The bioBakery help forum

MetaPhlaAn3 Genome List

Hi All,

l’m attempting to use the newick formatted tree provided with MetaPhlAn3 to compute Generalised Unifrac and Phylogenetic Diversity metrics in R but I’m having trouble removing the assembly ID prefix from the leaf names (the leaf names need to match the row names from the species relative abundance data frame).

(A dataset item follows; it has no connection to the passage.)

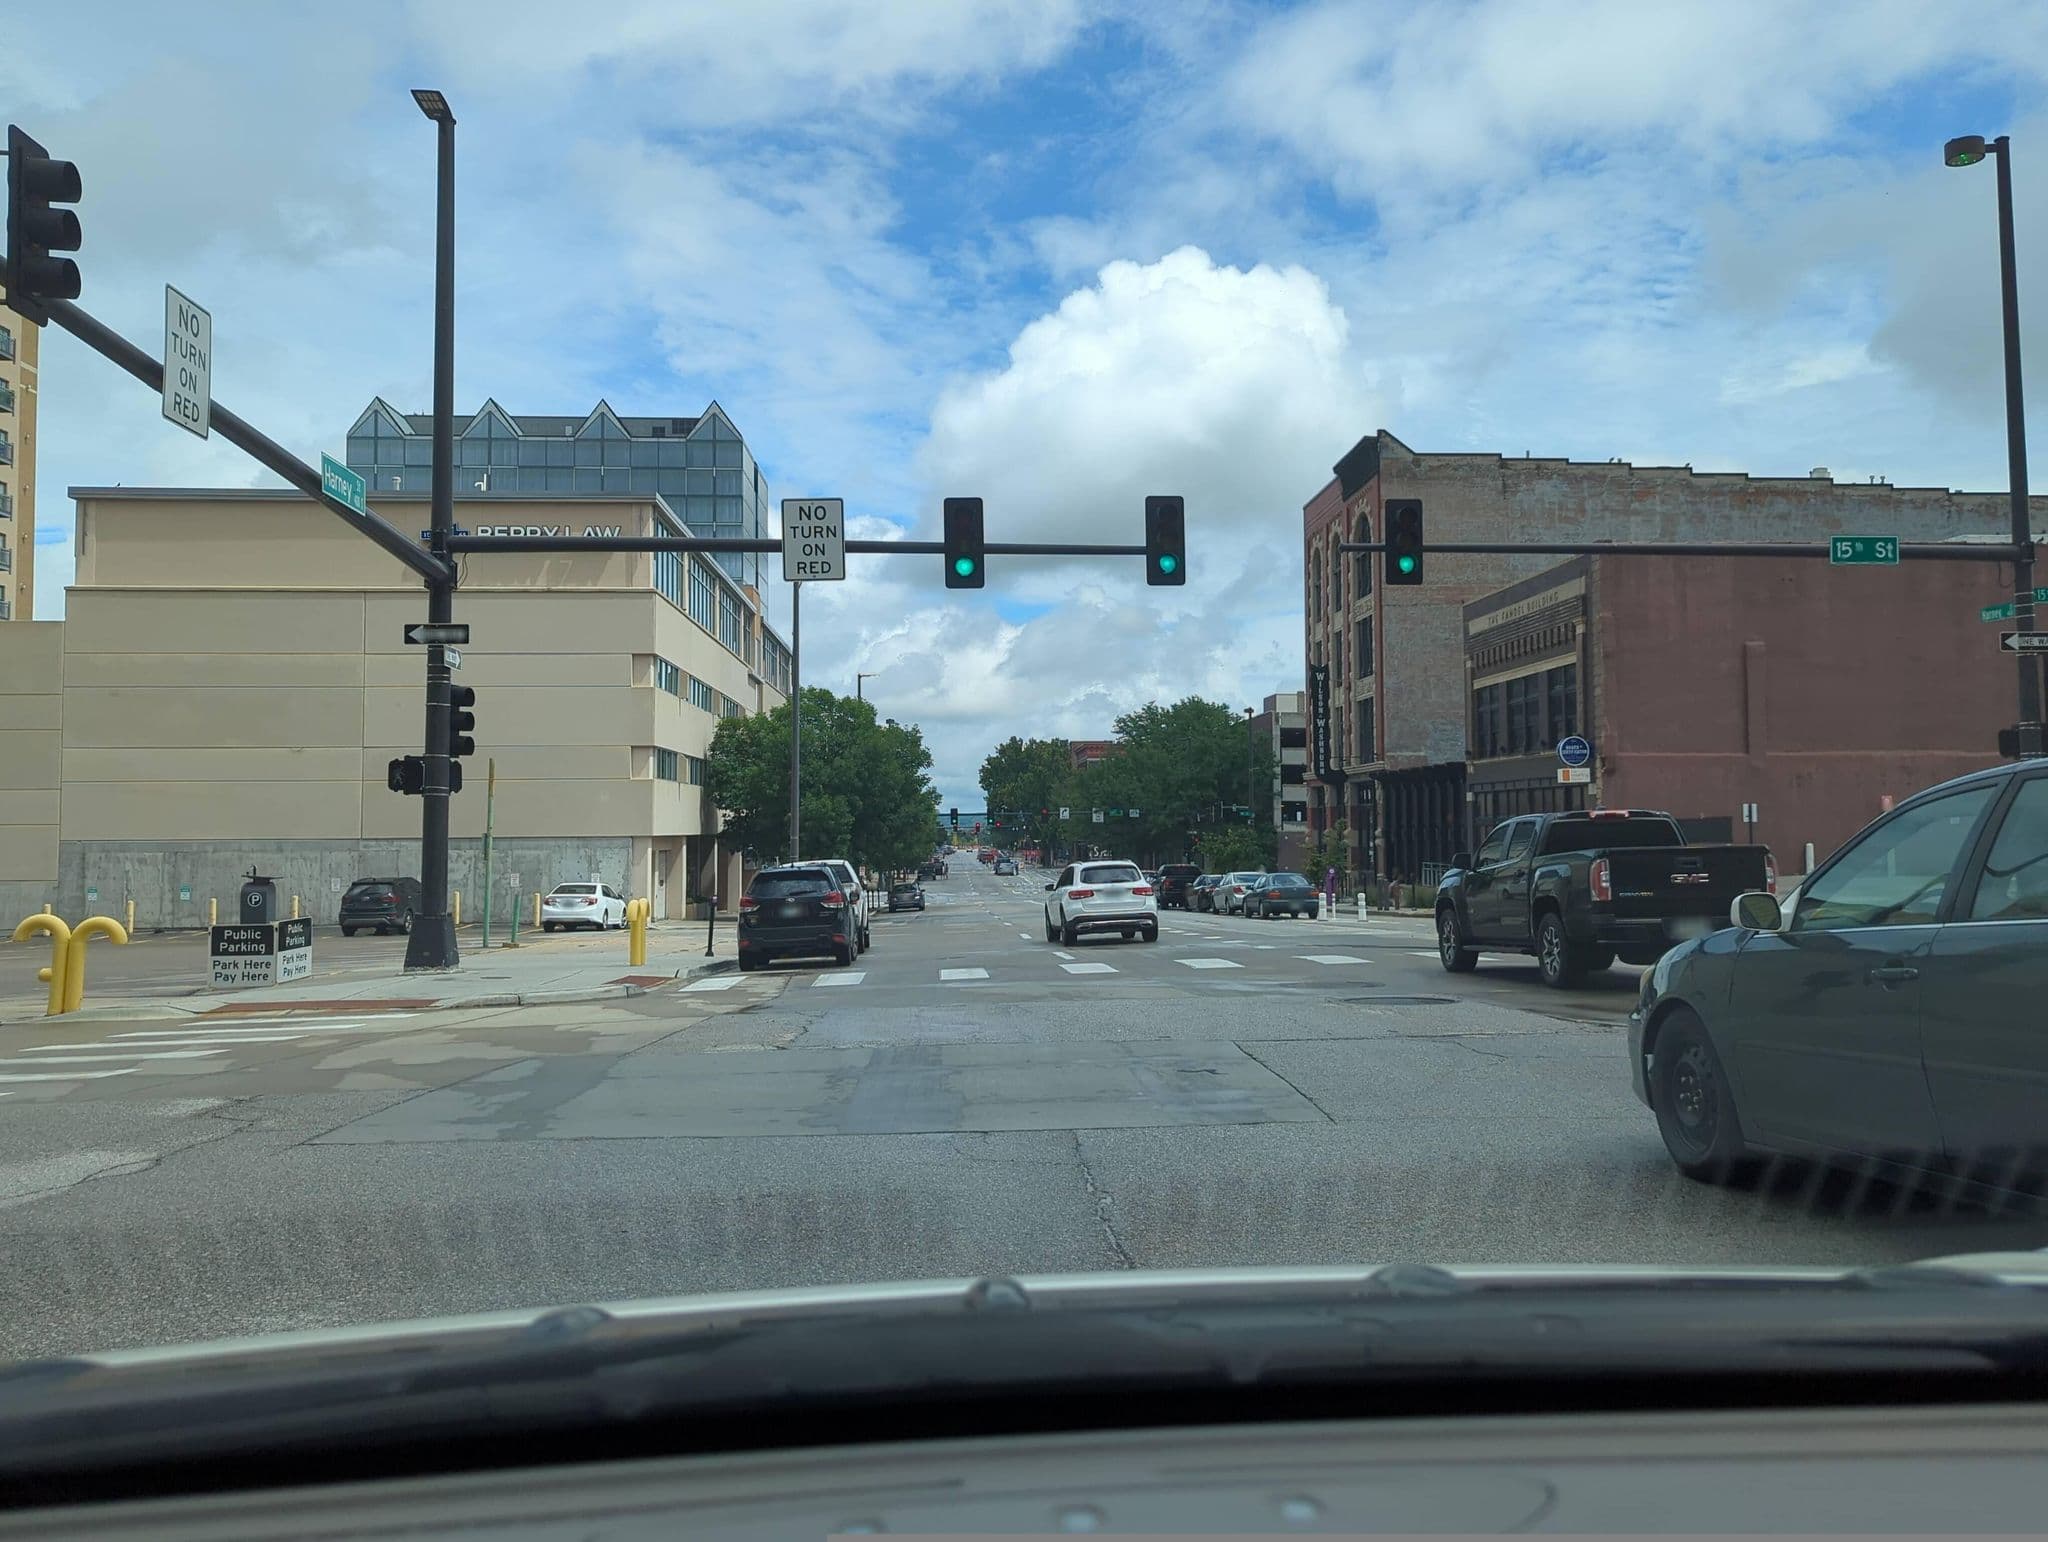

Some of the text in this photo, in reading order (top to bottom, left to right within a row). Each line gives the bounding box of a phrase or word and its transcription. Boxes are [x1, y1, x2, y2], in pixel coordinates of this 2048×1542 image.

For example I would like the leaves to be named

instead of


Does anybody have a copy of this tree available without these IDs?
Or else a file listing the accession numbers of all genomes in the v30 database along with their associated taxonomy that I could use for a batch string replace?

All the best,

Should be easy enough to do a string replacement. I’m not the most competent R programmer, but something like

R> taxa <- c('GCA_001856865|k__Bacteria|p__Proteobacteria|c__Gammaproteobacteria|o__Enterobacterales|f__Enterobacteriaceae|g__Metakosakonia|s__Kluyvera_intestini', 'GCA_001856866|k__Bacteria|p__Proteobacteria|c__Gammaproteobacteria|o__Enterobacterales|f__Enterobacteriaceae|g__Metakosakonia|s__Metakosakonia_madeup')
R> gsub('GCA_[0-9]+\\|', '', taxa)
[1] "k__Bacteria|p__Proteobacteria|c__Gammaproteobacteria|o__Enterobacterales|f__Enterobacteriaceae|g__Metakosakonia|s__Kluyvera_intestini"  
[2] "k__Bacteria|p__Proteobacteria|c__Gammaproteobacteria|o__Enterobacterales|f__Enterobacteriaceae|g__Metakosakonia|s__Metakosakonia_madeup"

Thanks @kescobo
Either my brain stopped working or I was trying to overcomplicate matters by attempting to the tree with Unix before reading into R.

That’s not totally insensible - a similar thing can be accomplished with sed or perl, you just need to get the regular expression right. Something like the following (untested)

$ sed -E 's/^GCA_[0-9]+\|//' oldfile.txt > newfile.txt